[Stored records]
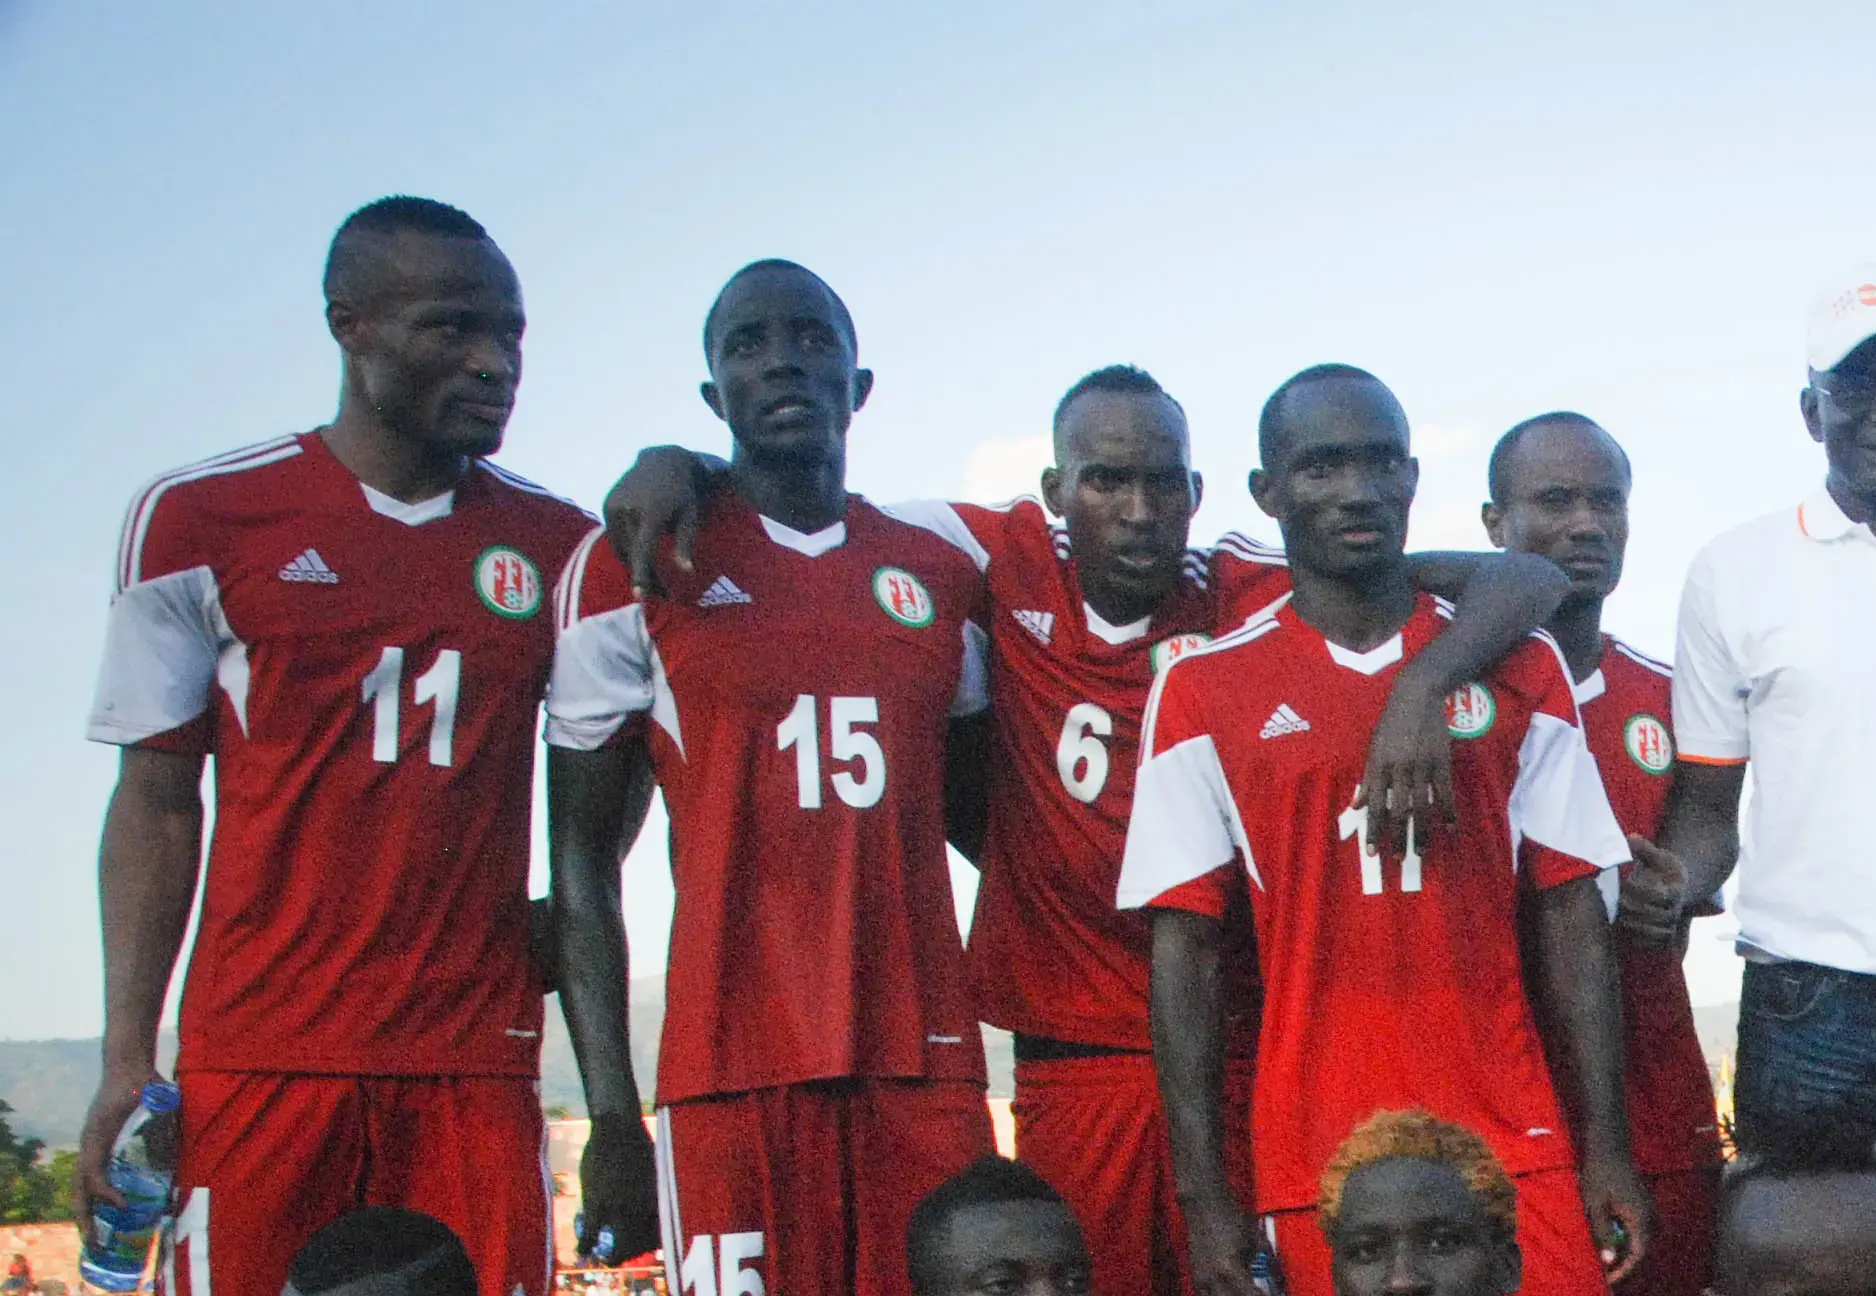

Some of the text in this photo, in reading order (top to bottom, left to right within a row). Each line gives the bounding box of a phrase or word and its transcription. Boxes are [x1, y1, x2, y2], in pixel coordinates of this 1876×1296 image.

[279, 569, 339, 584] adidas
[362, 646, 461, 768] 11
[776, 693, 887, 810] 15
[1056, 702, 1113, 804] 6
[1259, 719, 1311, 740] adidas
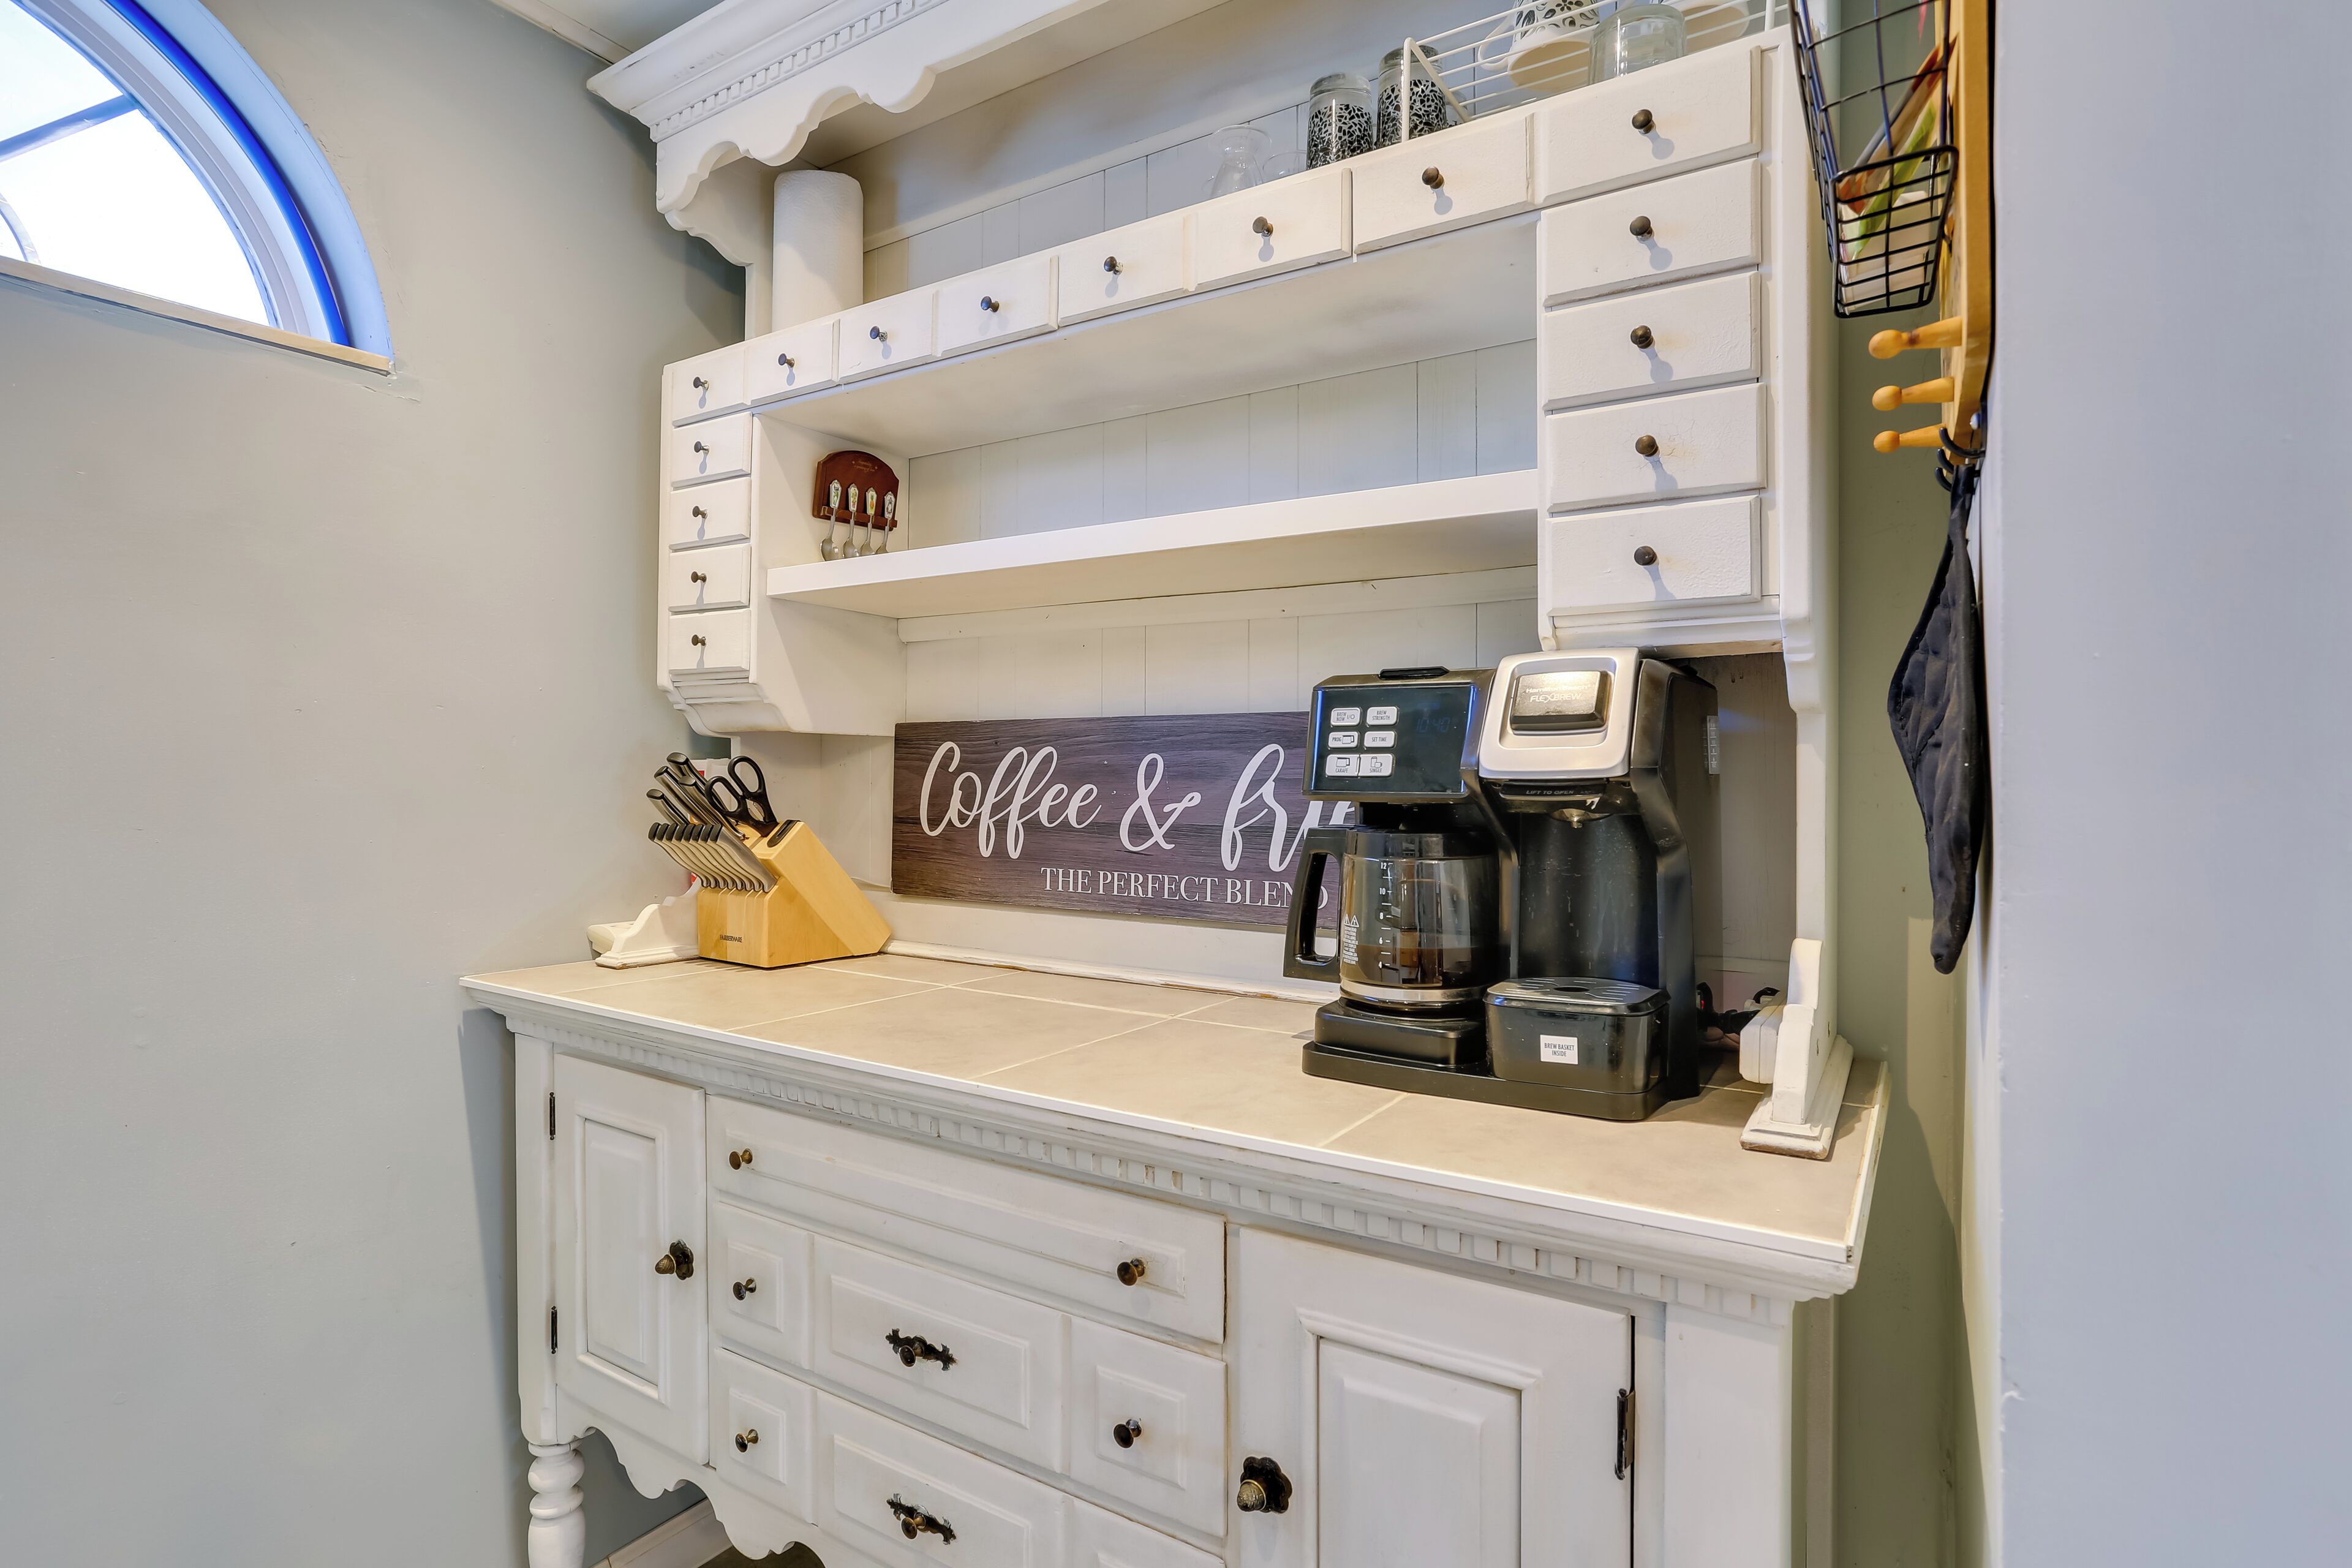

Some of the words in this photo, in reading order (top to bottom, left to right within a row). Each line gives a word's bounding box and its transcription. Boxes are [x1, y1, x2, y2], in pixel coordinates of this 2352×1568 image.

[1530, 693, 1582, 703] FLEXBREW
[920, 741, 1102, 859] Coffee
[1119, 753, 1201, 851] &
[1040, 867, 1092, 894] THE
[1097, 870, 1218, 902] PERFECT

Brief:
An exact copy of every record above is needed, with all pictures left out.

Exercise answer:
Some of the text in this photo, in reading order (top to bottom, left to right within a row). Each line gives the bounding box of a phrase or word and its transcription. Boxes are [x1, y1, x2, y2], in pixel coordinates of this 1876×1296 image.

[279, 569, 339, 584] adidas
[362, 646, 461, 768] 11
[776, 693, 887, 810] 15
[1056, 702, 1113, 804] 6
[1259, 719, 1311, 740] adidas

Some of the words in this photo, in reading order (top to bottom, left to right within a row). Each line gives a word's bounding box and its transcription. Boxes are [x1, y1, x2, y2], in pixel coordinates of this 2352×1568 image.

[1530, 693, 1582, 703] FLEXBREW
[920, 741, 1102, 859] Coffee
[1119, 753, 1201, 851] &
[1040, 867, 1092, 894] THE
[1097, 870, 1218, 902] PERFECT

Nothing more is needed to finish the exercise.